Galt's lecture on velvet
A lot of parameters with velvet to work with
Easy to install compared to other tools like allpaths
/campus/BME235/programs/velvet/ is the home directory
To install, simply type 'make'
Copy binaries
Can change the max-kmer maximum size at compilation
Can add solid support by adding in a “_de” tag for double-encoded.
Velvet is one of the only de-novo assembly tools supporting colorspace reads
~velvet/data
~velvet/contrib – Contributors directory
~assemblies/Pog/velvet-assembly1
Run velvet without any arguments under the assumption that velvet with estimate some correct parameters
README
Ran without using any quality values. Velvet does not use quality values even if using fastq input files.
Runs in 5-8 minutes
First estimated coverage and cutoff values were terrible.
Largest contig 713 bp long with an n50 of 27.
Assembling a single lane did better with only 1 lane, rather than two gave much better results
~assemblies/test/velvet-assembly2
Running velvet on simulated 100kb genome with 35bp and 100bp reads.
Lowering the kmer value to 21 yielded a genome of 99975/100000 bases
Read length and error rate combined with longer kmer lengths may cause problems.
A single error in a read may prevent overlapping of K-mers.
A kmer is too long then you may not get overlapping
A kmer is too short, then you get too much overlapping where it shouldn't occur
Starting running on hgw-dev in order to get help from Daniel Zerbino
Used less options: -short
estimated coverage cutoff 13 which was right
saw some larger contigs: 21211max and 5554 n50
ran both short and long reads from the same 454 data.

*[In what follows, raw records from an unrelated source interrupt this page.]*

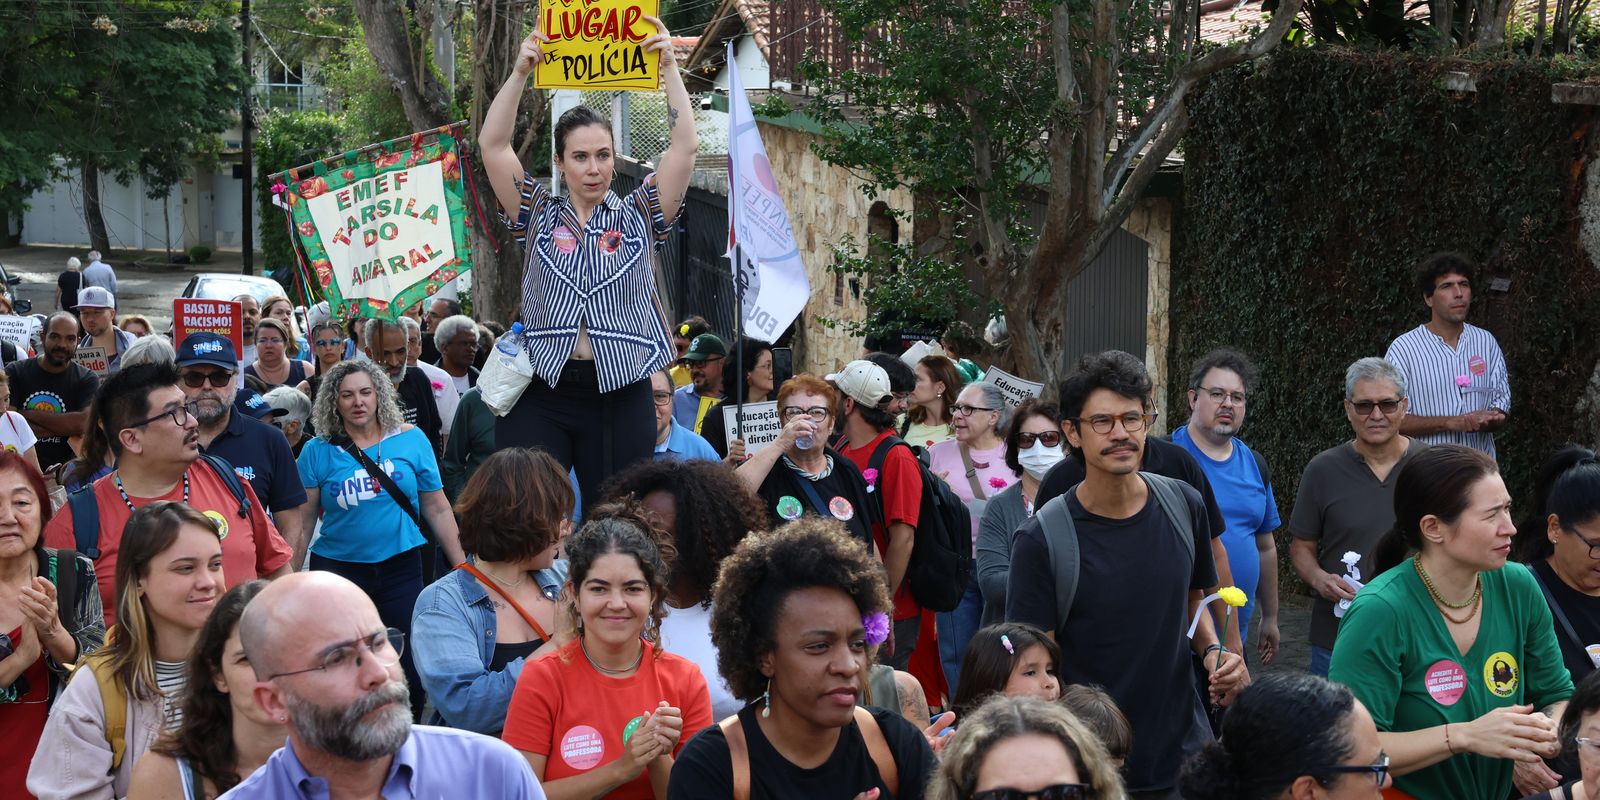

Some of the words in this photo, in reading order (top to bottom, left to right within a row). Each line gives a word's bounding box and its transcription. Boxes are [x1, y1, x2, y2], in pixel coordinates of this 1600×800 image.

[546, 6, 648, 43] LUGAR
[543, 50, 561, 65] DE
[561, 44, 648, 81] POLÍCIA
[336, 171, 408, 212] EMEF
[332, 197, 439, 246] TARSILA
[363, 222, 399, 248] DO
[352, 244, 443, 286] AMARAL
[183, 303, 215, 314] BASTA
[218, 304, 232, 314] DE
[183, 316, 232, 327] RACISMO!
[731, 421, 781, 435] atirracist
[329, 470, 404, 498] SINEP

Combining both lanes of the 454 yielded 142283 max and 50864 n50.
~assemblies/Pog/velvet-assembly?
Using flowspace data collapsed some nodes
-long_multi_cutoff 4 (over default 2)
large kmer values don't show too much of an improvement
velvet-assembly2
utilizes -shortPaired reads
Can also utilize unpaired reads as -short
may have some problems with reversing f3 primer
insert length 2200 (estimated by mapping paired reads onto 454 contigs from newbler)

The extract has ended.